Saved data entries
════════════════
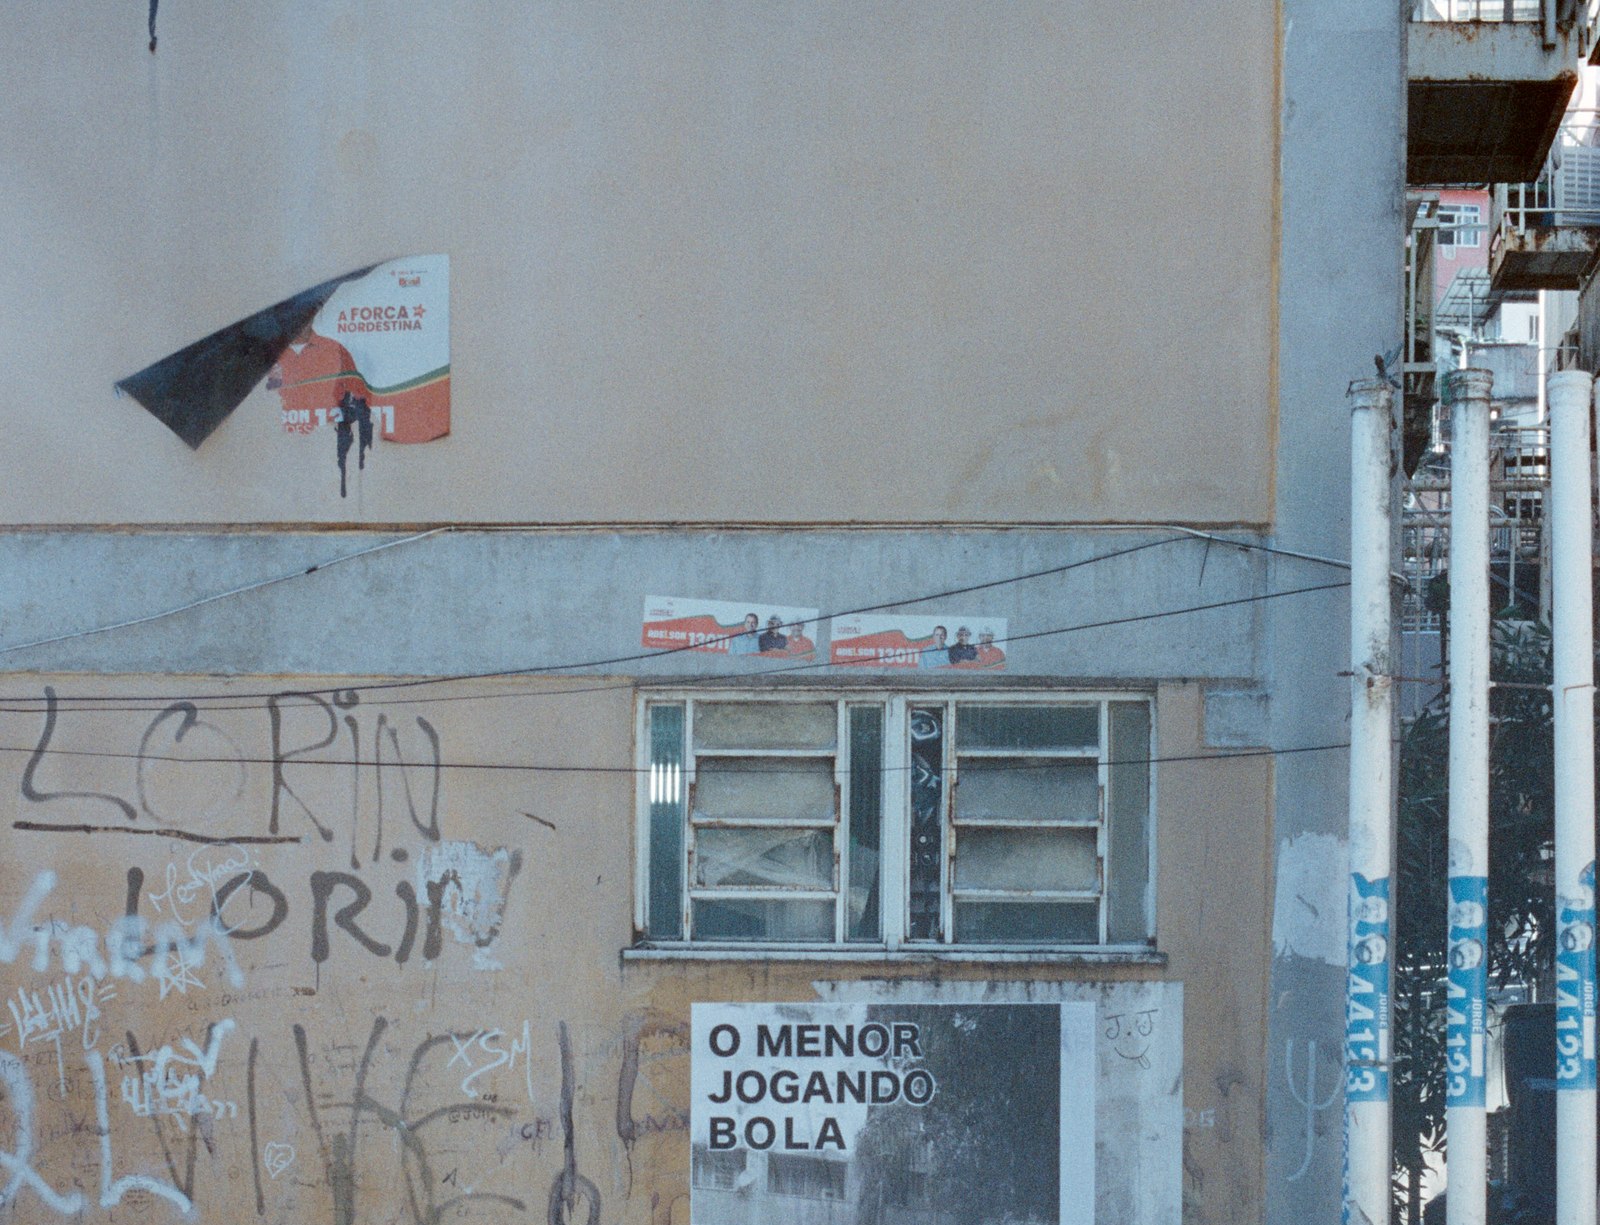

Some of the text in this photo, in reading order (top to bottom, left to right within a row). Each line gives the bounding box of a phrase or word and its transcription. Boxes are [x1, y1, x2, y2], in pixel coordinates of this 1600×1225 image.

[337, 319, 422, 334] NORDESTINA
[338, 310, 347, 322] A
[1378, 992, 1388, 1029] JORGE
[1472, 997, 1482, 1033] JORGE
[1584, 979, 1595, 1017] JORGE
[708, 1023, 922, 1058] O MENOR
[1348, 973, 1376, 1093] 44123
[707, 1069, 935, 1105] JOGANDO
[708, 1116, 848, 1151] BOLA
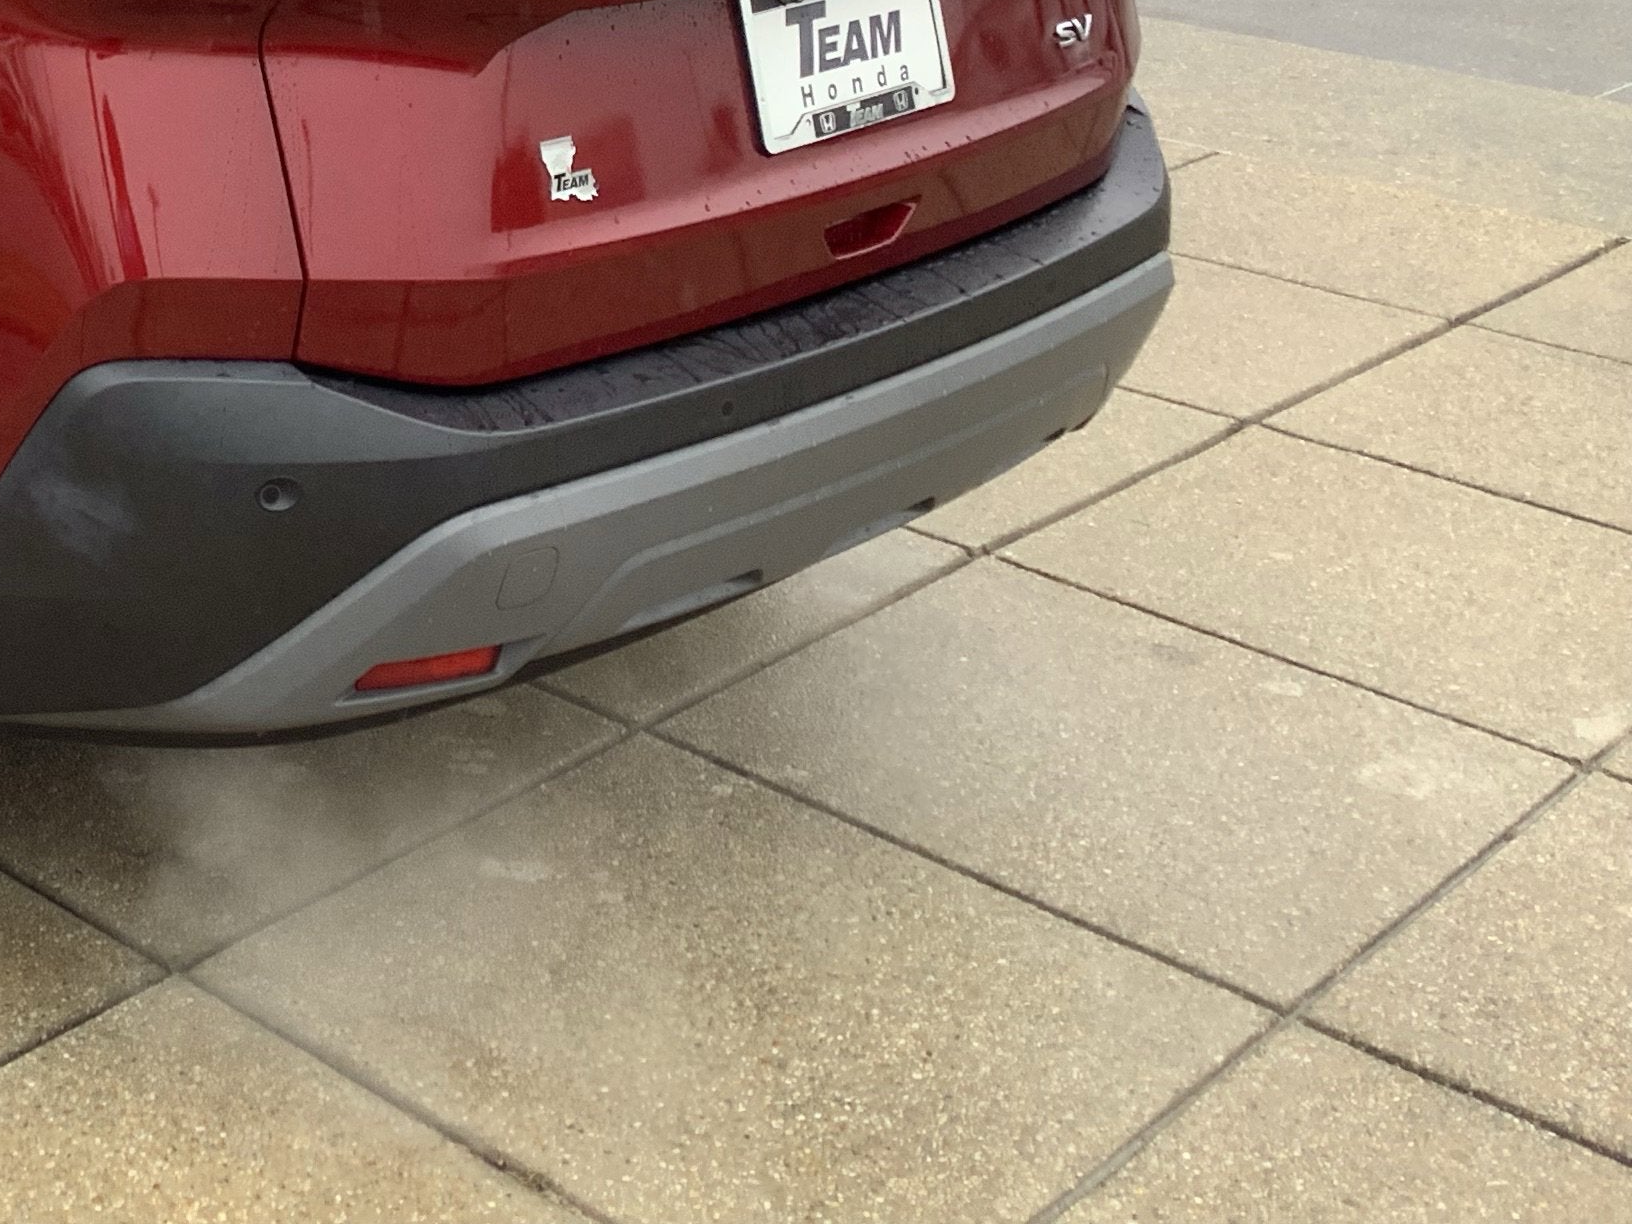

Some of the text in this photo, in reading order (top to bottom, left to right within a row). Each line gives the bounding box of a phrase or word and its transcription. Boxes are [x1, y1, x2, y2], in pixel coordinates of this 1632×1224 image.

[785, 0, 902, 79] TEAM
[1055, 13, 1093, 48] SV
[800, 64, 910, 108] Honda
[846, 101, 885, 128] TEAM
[553, 172, 590, 192] TEAM
════════════════
Your goal: Write the records out exactly once more, leaving off the pictures.

Exercise solution:
Some of the text in this photo, in reading order (top to bottom, left to right within a row). Each line gives the bounding box of a phrase or word and its transcription. Boxes are [x1, y1, x2, y2], in pixel coordinates of this 1600×1225 image.

[337, 319, 422, 334] NORDESTINA
[338, 310, 347, 322] A
[1378, 992, 1388, 1029] JORGE
[1472, 997, 1482, 1033] JORGE
[1584, 979, 1595, 1017] JORGE
[708, 1023, 922, 1058] O MENOR
[1348, 973, 1376, 1093] 44123
[707, 1069, 935, 1105] JOGANDO
[708, 1116, 848, 1151] BOLA

Some of the text in this photo, in reading order (top to bottom, left to right within a row). Each line gives the bounding box of a phrase or word and its transcription. Boxes are [x1, y1, x2, y2], in pixel coordinates of this 1632×1224 image.

[785, 0, 902, 79] TEAM
[1055, 13, 1093, 48] SV
[800, 64, 910, 108] Honda
[846, 101, 885, 128] TEAM
[553, 172, 590, 192] TEAM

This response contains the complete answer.